But the body of the film is done, and Chad Bishop (the d.p. and one of the producers) will begin editing soon with me in the editing suite with him, causing trouble.
I couldn’t be happier. My 76-year-old frame held up just fine, to my wife’s amazement (and, frankly, my own).
More later. For now, take a gander at a few of the photos that star Rob Merrit snagged during the shoot.

Paula Sands and Rocky Raccoon.

Robert Merrit (Tony Cassato), Paula Sands (Vivian Borne), Max Allan Collins, Alisabeth Von Presley (Brandy Borne).

M.A.C. directing Keith Porter (Victor Forman).

Director of Photography Chad Bishop getting Cassidy Ptacek (Kimberly) in focus.

Tommy Ratkiewicz-Stierwalt (Miguel).

In the prop area, Barbara Collins gives Baby Jesus the heave ho to borrow some of the hay in His manager.

Paula Sands as Vivian Borne ponders a clue.

The cast of “The Fruitcake That Saved Christmas” react.

The lovely Brandy (Alisabeth Von Presley) and her mother Vivian (Paula Sands).

Director of Photography Chad Bishop.

Tracy Pelzer-Timm (Martha; wardrobe), Jodi Hansen (continuity) and Barb Collins (Production Manager).

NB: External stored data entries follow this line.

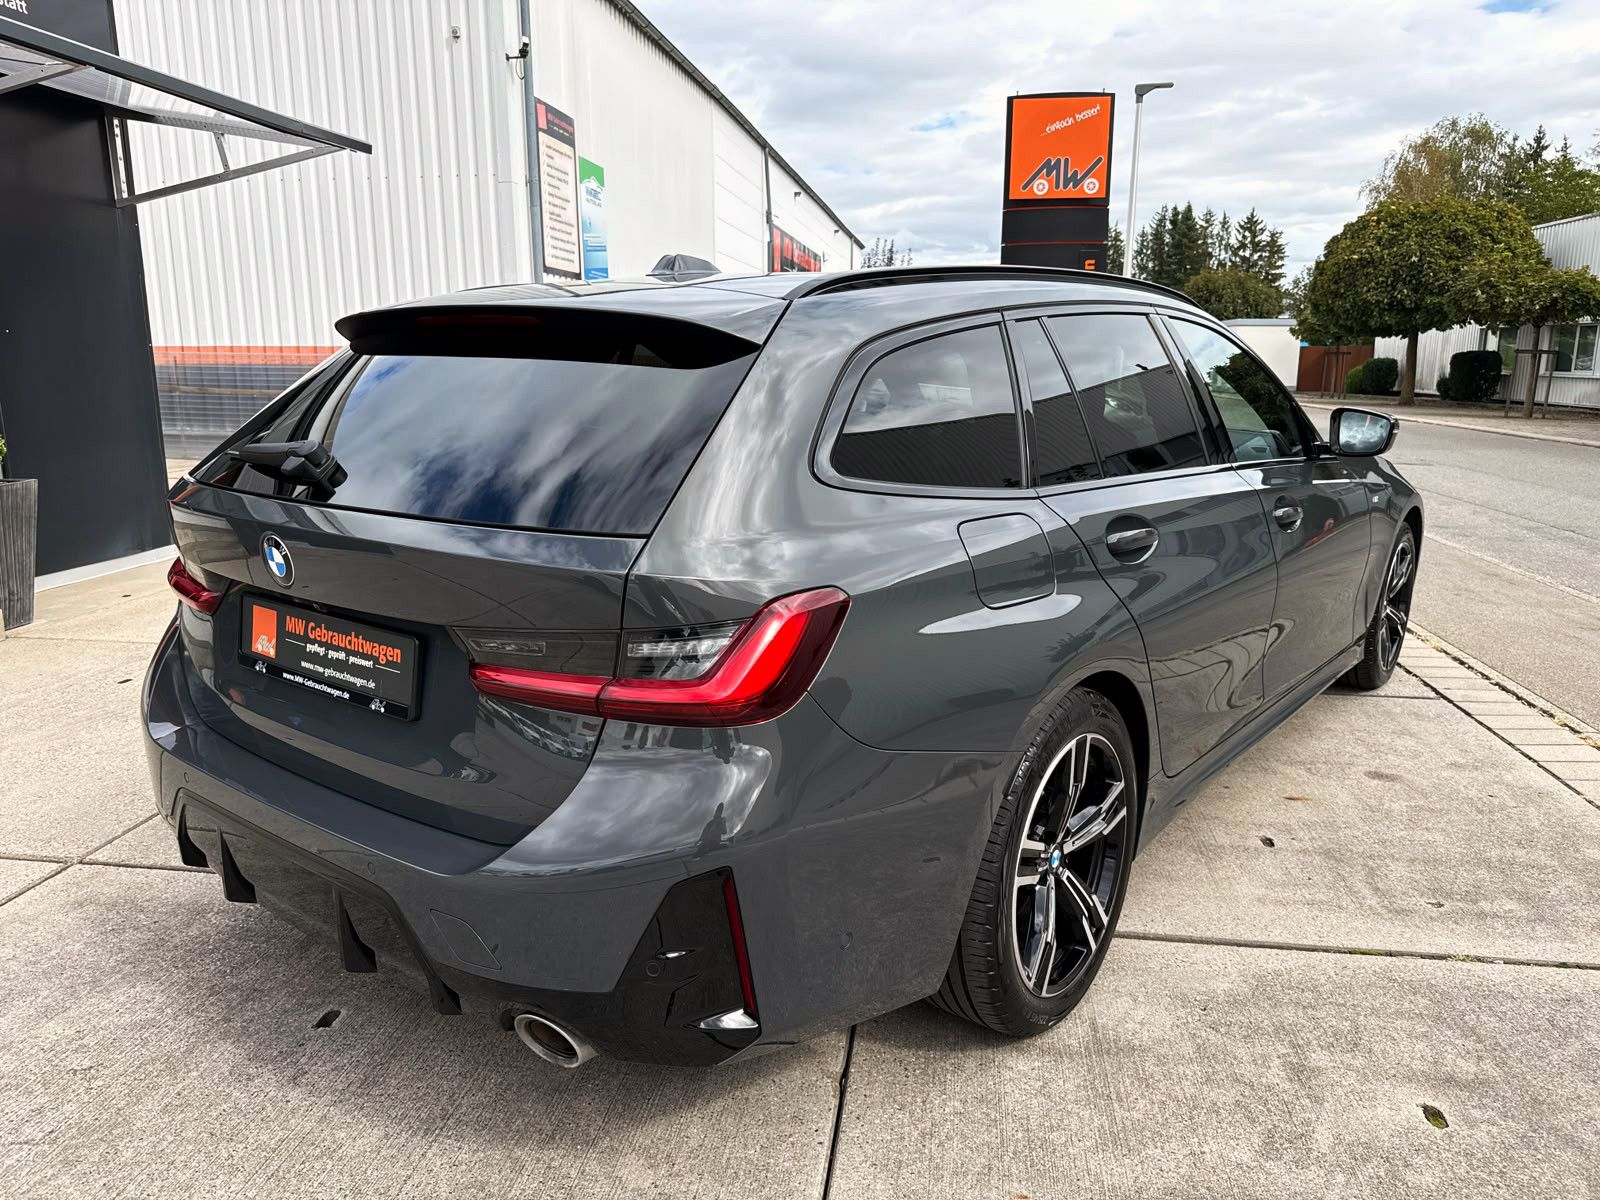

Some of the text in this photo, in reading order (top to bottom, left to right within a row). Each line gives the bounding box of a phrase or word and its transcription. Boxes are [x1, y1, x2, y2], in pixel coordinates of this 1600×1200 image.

[1021, 157, 1103, 192] MW
[285, 615, 401, 664] MW Gebrauchtwagen
[300, 660, 376, 690] www.mw-gebrauchtwagen.de
[349, 655, 374, 668] preiswert
[282, 672, 350, 700] www.MW-Gebrauchtwagen.de

Alisabeth Von Presley and Barb Collins.

Alisabeth Von Presley and Paula Sands.

Rene Mauck (Louise Lamont).* * *
The Kickstarter for True Noir: The Assassination of Anton Cermak (from the casebooks of Nathan Heller) has 9 days to go! If you enjoy my work, please jump on board.
M.A.C.
August 27, 2024
Do I Have New Projects for You!
I have been meaning to mention this, but it’s so odd…and oddly wonderful…that I haven’t got around to it, till now.
But I have two indie movies shooting right now. If you make these update/blogs a regular stop, you’ll already know I am in the midst of a two-week shoot on Death by Fruitcake, bringing to life the Antiques/Trash ‘n’ Treasures mystery series that Barb and I write as “Barbara Allan.”
More about that later.
But another movie I scripted, Mickey Spillane’s Saturday Night in Cap City, began shooting its two-week schedule on the very same day Fruitcake started rolling.
Sharing script credit with me is director David Wexler. He is also one of the stars of the movie. We have been developing this project for several years – and were about to begin a more elaborate version when Covid kicked in and de-railed us for a time. David became a fan of Mickey Spillane and me out of a general enthusiasm for Hard Case Crime. He knew Mike Hammer wouldn’t be available, but inquired about the novella “A Bullet for Satisfaction,” which I completed for inclusion with Mickey’s final completed novel, The Last Stand, which HCC published.
Read about the talented David Wexler .
David had me work up a script based on the novella, which I did in tandem with him, and we worked on it in that fashion for some time. When that somewhat ambitious version didn’t get sufficiently off the ground, one of us suggested (I think possibly David, because of an actress he thought could be signed) for me to use my Ms. Tree muscles and turn the protagonist – a rather typical Spillane cop anti-hero – “Dex” Dexter – into a female. This was a fairly elaborate rewrite, if a fun, challenging one; but the Spillane story remained largely intact.
This version attracted several female stars and, again, almost got off the ground. When it seemed doomed to stall yet again, I shared my Blue Christmas approach with David – limit the story to one set and make a micro budget possible.
“A Bullet for Satisfaction” began at the crime scene in a hotel where a wild party had taken place…and also the murder of the mayor of this equally wild town.
David liked the idea, and I wrote a new draft and he adapted it to fit a location he could acquire. For some time the film had been called simply Cap City, but I suggested Saturday Night in Cap City to reflect the action taking place in a hotel suite after a swinging Saturday night party.
That we are shooting simultaneously is a complete coincidence, though it’s a fun way to show that I am indeed back in the filmmaking game. The black-and-white photos here are from the production in progress.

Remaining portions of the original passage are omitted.